Welcome to the new Our Queerest Shelves format! You won’t find a lot that’s different, but some things have been shuffled around. One notable addition is Bookish Goods, where I tempt you with a queer bookish Etsy item every week. I’m sorry/you’re welcome.
Book Riot is hiring an Editorial Operations Associate! If you love checklists and making sure things are running smoothly, we want to work with you. We are committed to building an inclusive workforce and strongly encourage applications from women, individuals with disabilities, and people of color. Check out all the details here, including work from home jurisdictions and salary.
Usually here is where I highlight a nonprofit to support, but instead I’d like to do a call to action: please call or email your legislator and let them know you support libraries and oppose book bans. Contact your local school board and library board and let them know you support Pride displays and carrying LGBTQ books. Librarians could use your help!
Bookish Goods
Libraries are for Everyone Magnet by GoodGoodCat
In light of some of the news pieces you’ll find linked below, it’s a good time to remind all who can see your fridge (or other metallic surface) that libraries are for everyone! $3
New Releases
They Drown Our Daughters by Katrina Monroe (Lesbian Horror)

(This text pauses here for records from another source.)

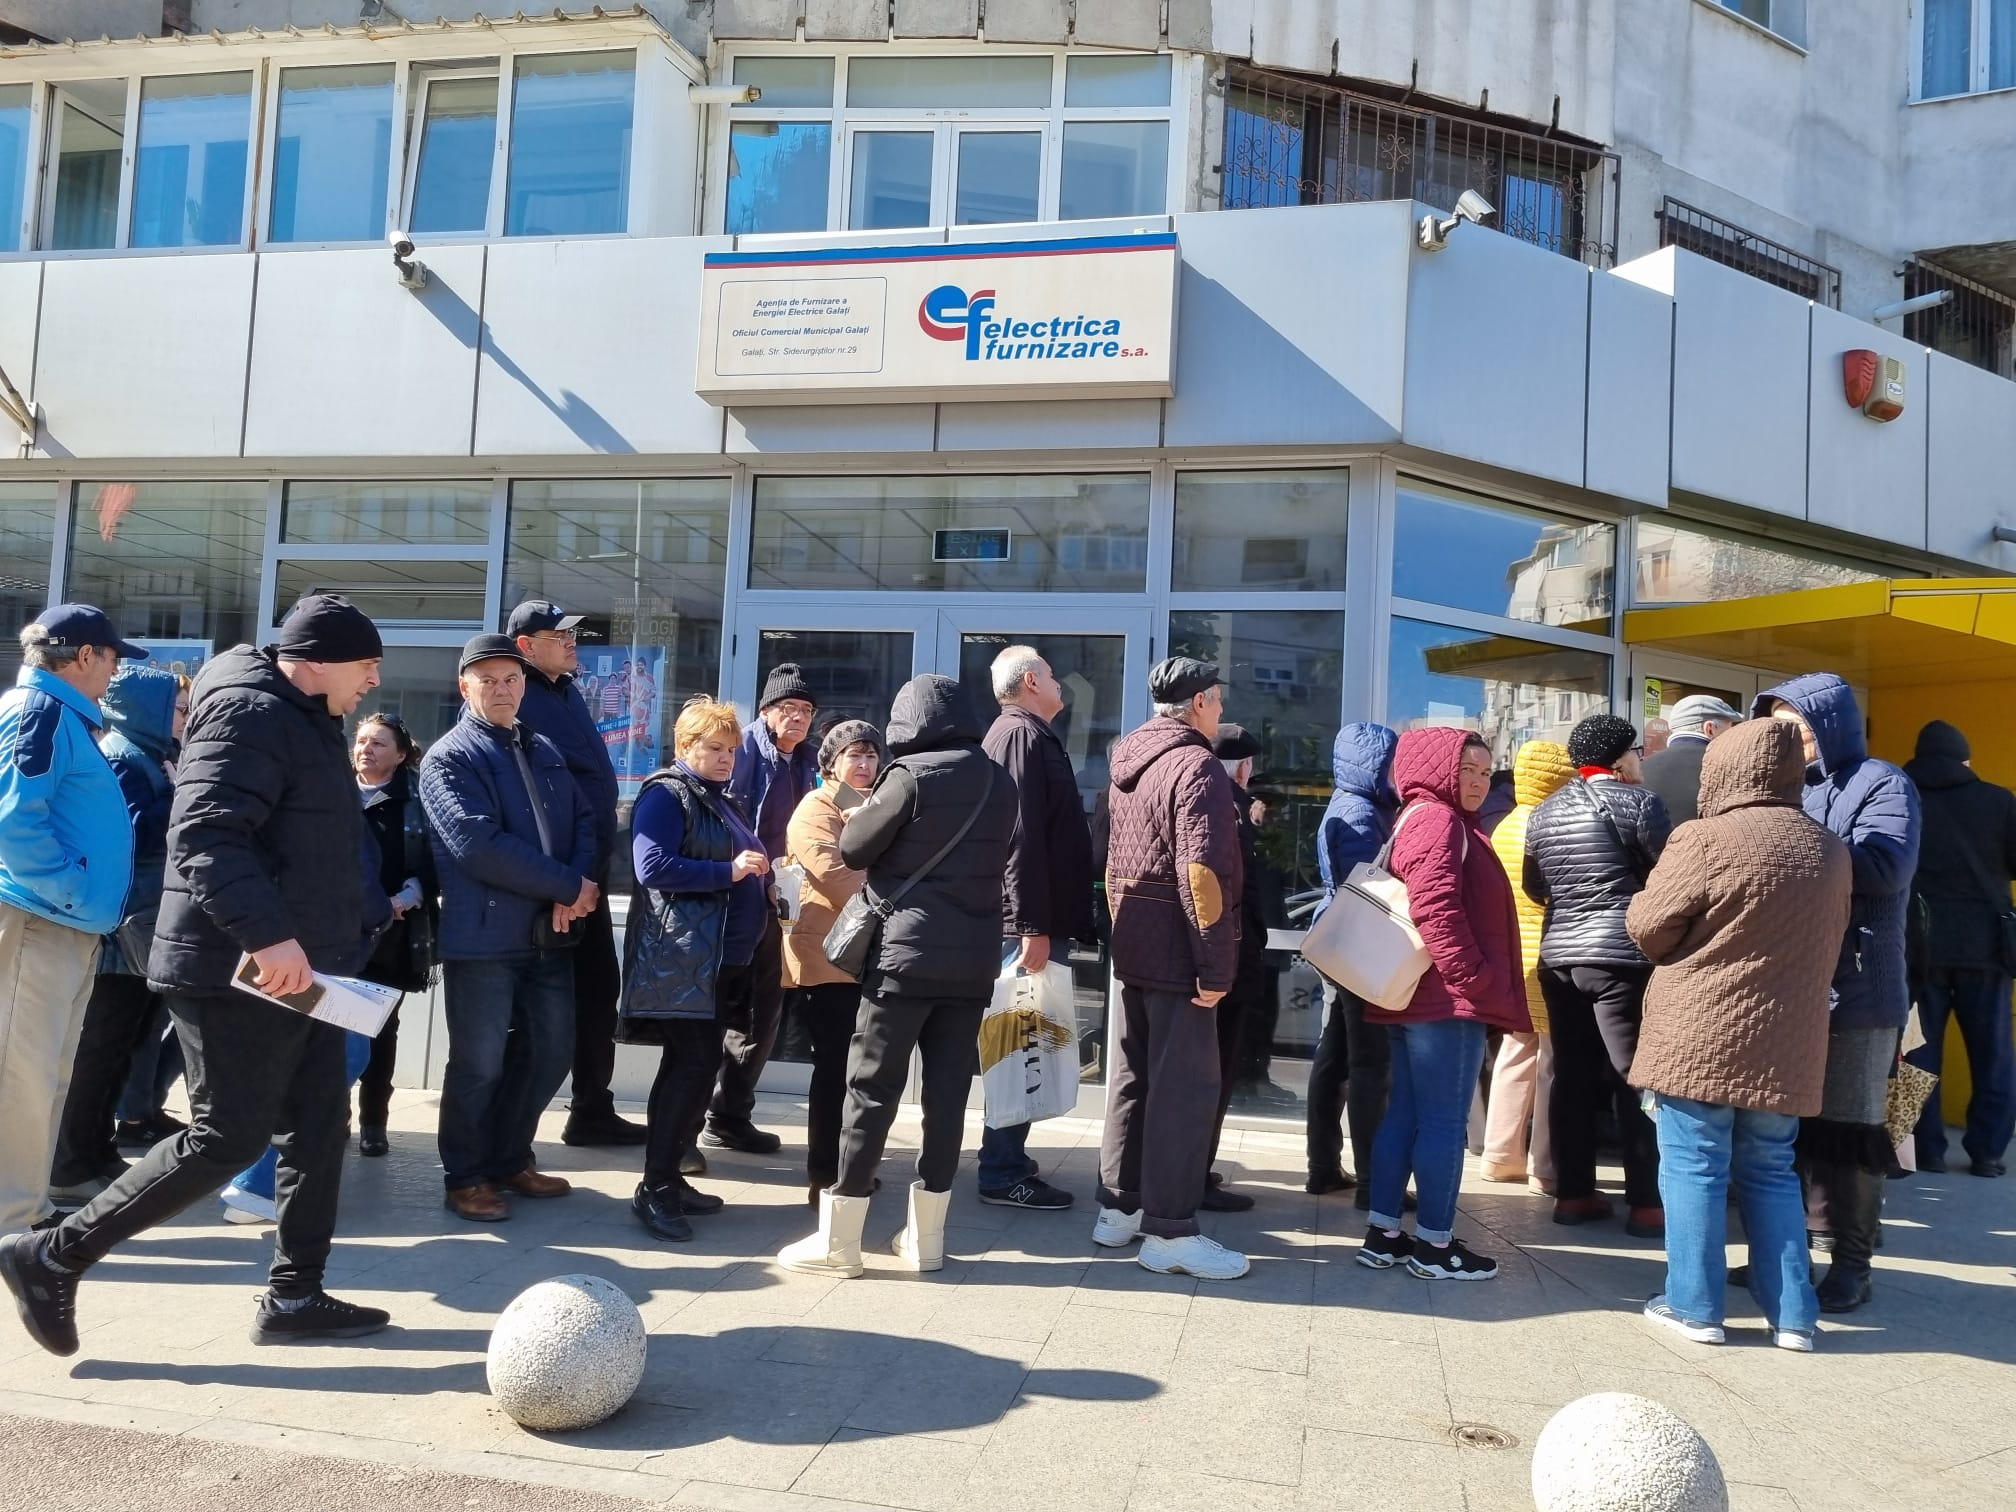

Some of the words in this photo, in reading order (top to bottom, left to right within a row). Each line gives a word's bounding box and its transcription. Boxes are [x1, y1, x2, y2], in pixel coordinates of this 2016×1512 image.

[789, 298, 800, 306] de
[752, 309, 786, 318] Energiei
[788, 308, 824, 316] Electrice
[732, 329, 759, 337] Oficiul
[760, 328, 802, 336] Comercial
[803, 326, 844, 336] Municipal
[984, 315, 1121, 339] electrica
[985, 338, 1119, 361] furnizare
[1120, 346, 1149, 358] s.a.
[604, 731, 627, 743] LUMEA

I have it on good authority that this lesbian gothic is one of the best books of the year. Whose authority? Why, Book Riot’s Liberty Hardy, who reads 600+ books a year. Also, Autostraddle reviewed this with the title “This Gay Ocean Horror Book Is So Good I Want To Scream.” After Meredith broke up with her wife, she moved back to her hometown to care for her daughter and mother. But her mother, in early stages of Alzheimer’s, keeps warning her that all three women are in danger of being pulled under the water.
If You’re A Kid Like Gavin by Gavin Grimm and Kyle Lukoff, Illustrated by J Yang (Trans Guy Picture Book)
When Gavin Grimm’s school denied him the right to use the boy’s washroom because he’s trans, he took the battle all the way to the Supreme Court — and won. This picture book is his story, co-written by Kyle Lukoff, who was written queer kids’ books including When Aidan Became a Brother and Call Me Max. This story teaches kids how to advocate for themselves and others.
Don’t forget you can get three free audiobooks at Audiobooks.com with a free trial!
Sirens & Muses by Antonia Angress (Sapphic Fiction)
Other Names for Love by Taymour Soomro (Queer Guy Fiction)
Gods of Want: Stories by K-Ming Chang (Sapphic Short Stories)
The Romance Recipe by Ruby Barrett (F/F Romance)
What Moves the Dead by T. Kingfisher (Nonbinary Horror)
August Kitko and the Mechas from Space by Alex White (Queer Sci Fi)
The Taking of Jake Livingston (Gay YA Horror) (Paperback rerelease)
Pretty Baby by Chris Belcher (Lesbian Memoir)
For a more comprehensive list of new releases, check out our New Books newsletter!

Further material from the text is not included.